ElasticSearch Configuraiton
network.host: 0.0.0.0
indices.memory.index_buffer_size: "1g"
bootstrap.memory_lock: true

JVM
-Xms8g
-Xmx8g

Index mapping
PUT protocol
{
"settings": {
"index": {
"number_of_shards": 5,
"number_of_replicas": 0,
"translog.flush_threshold_size": "1gb",
"translog.durability": "async"
}
},
"mappings": {
"http": {
"properties": {
"timestamp": {
"type": "date",
"index": true
},
"asset_keys": {
"type": "keyword",
"index": true
},
"skey": {
"type": "keyword",
"index": true
},
"dkey": {
"type": "keyword",
"index": true
},
"uid": {
"type": "keyword",
"index": true
},
"src_ip": {
"type": "keyword",
"index": true,
"copy_to": "protocol_all"
},
"src_port": {
"type": "keyword",
"index": true,
"copy_to": "protocol_all"
},
"dst_ip": {
"type": "keyword",
"index": true,
"copy_to": "protocol_all"
},
"dst_port": {
"type": "keyword",
"index": true,
"copy_to": "protocol_all"
},
"method": {
"type": "keyword",
"index": true,
"copy_to": "protocol_all"
},
"URI": {
"type": "keyword",
"index": false,
"copy_to": "protocol_all"
},
"url": {
"type": "keyword",
"index": false,
"copy_to": "protocol_all"
},
"protocol": {
"type": "keyword",
"index": false,
"copy_to": "protocol_all"
},
"host": {
"type": "keyword",
"index": false,
"copy_to": "protocol_all"
},
"User-Agent": {
"type": "keyword",
"index": true,
"copy_to": "protocol_all"
},
"Cookie": {
"type": "keyword",
"index": false,
"copy_to": "protocol_all"
},
"username": {
"type": "keyword",
"index": false,
"copy_to": "protocol_all"
},
"password": {
"type": "keyword",
"index": false
},
"status_code": {
"type": "integer",
"index": false
},
"request": {
"type": "object",
"enabled": false
},
"response": {
"type": "object",
"enabled": false
},
"sensor_ip": {
"type": "keyword",
"index": true,
"copy_to": "protocol_all"
},
"location": {
"type": "geo_point",
"index": false
},
"city": {
"type": "keyword",
"index": false
},
"country": {
"type": "keyword",
"index": false
},
"raw_data": {
"type": "object",
"enabled": false
},
"protocol_all": {
"type": "keyword",
"index": true
},
"es_type": {
"type": "keyword",
"index": false
}
}
}
}
}

And the insert data almost 1000 * 10k per bulk request

Which version are you using? What is the specification of your Elasticsearch cluster (number of data nodes, CPU, RAM, heap size and type of storage)? How large are your events? How many parallel indexing threads do you have running? What indexing throughput are you seeing?
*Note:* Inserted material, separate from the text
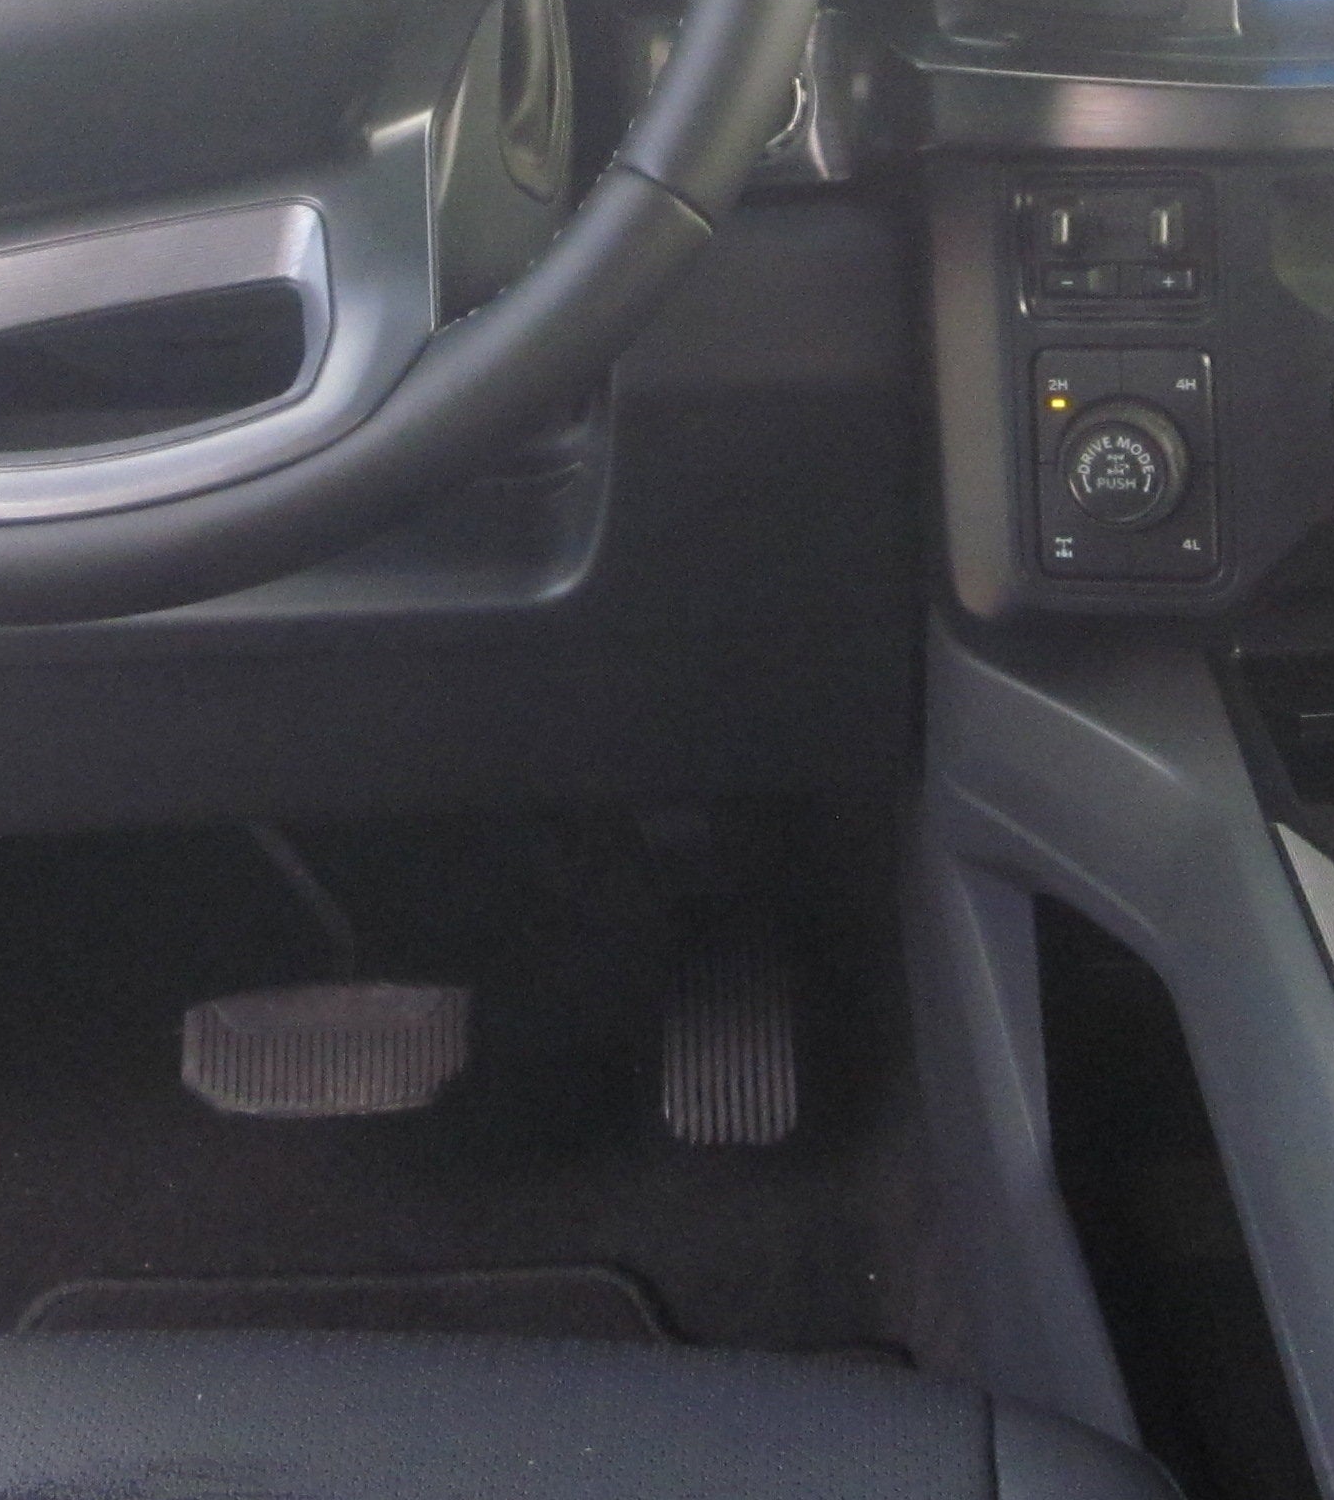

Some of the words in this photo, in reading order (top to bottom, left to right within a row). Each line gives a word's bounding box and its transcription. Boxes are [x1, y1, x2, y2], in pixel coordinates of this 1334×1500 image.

My Elasticsearch version is 5.6.2, and in my cluster has just one node.
CPU: Intel(R) Xeon(R) CPU E5-2630 v4 @ 2.20GHz * 2
RAM: 64G
JVM: -Xms8g -Xmx8g -Xss1m

event almost 8-15k

I use 20 thread to insert, and I see protocol index rate is 1000 documents/s from Kibana

So your events are between 8kB and 15kB in size and you send bulk requests of 1000 at a time?

How many shards are you actively indexing into? What type of storage do you have? Do you see any issues in the Elasticsearch logs, e.g. long GC? What does CPU usage and disk I/O and iowait look like on the node?

Yes, 8k-15k * 1000 per bulk request, and I connect to ElasticSearch use 127.0.0.1:9200

"number_of_shards": 5,
"number_of_replicas": 0,

My storage is 1T SATA disk, and none is output in Elasticsearch logs

iostat
Linux 3.10.0-693.2.2.el7.x86_64 (master.prs) 11/13/2017 x86_64 (20 CPU)

avg-cpu: %user %nice %system %iowait %steal %idle
1.11 0.00 0.10 0.23 0.00 98.57

Device: tps kB_read/s kB_wrtn/s kB_read kB_wrtn
sda 15.05 24.43 799.68 6416090 210045971
dm-0 13.86 24.35 799.61 6395555 210026177
dm-1 0.00 0.02 0.00 5340 0

avg-cpu: %user %nice %system %iowait %steal %idle
10.05 0.00 0.60 2.80 0.00 86.55

Device: tps kB_read/s kB_wrtn/s kB_read kB_wrtn
sda 51.00 0.00 13329.00 0 13329
dm-0 46.00 0.00 13329.00 0 13329
dm-1 0.00 0.00 0.00 0 0

avg-cpu: %user %nice %system %iowait %steal %idle
10.65 0.00 0.50 2.05 0.00 86.80

Device: tps kB_read/s kB_wrtn/s kB_read kB_wrtn
sda 44.00 0.00 13372.50 0 13372
dm-0 42.00 0.00 13372.50 0 13372
dm-1 0.00 0.00 0.00 0 0

avg-cpu: %user %nice %system %iowait %steal %idle
8.16 0.00 0.95 1.80 0.00 89.09

Device: tps kB_read/s kB_wrtn/s kB_read kB_wrtn
sda 38.00 8.00 220.50 8 220
dm-0 29.00 8.00 220.50 8 220
dm-1 0.00 0.00 0.00 0 0

avg-cpu: %user %nice %system %iowait %steal %idle
17.91 0.00 0.75 2.95 0.00 78.39

Device: tps kB_read/s kB_wrtn/s kB_read kB_wrtn
sda 53.00 0.00 13397.50 0 13397
dm-0 47.00 0.00 13397.50 0 13397
dm-1 0.00 0.00 0.00 0 0

mpstat
Linux 3.10.0-693.2.2.el7.x86_64 (master.prs) 11/13/2017 x86_64 (20 CPU)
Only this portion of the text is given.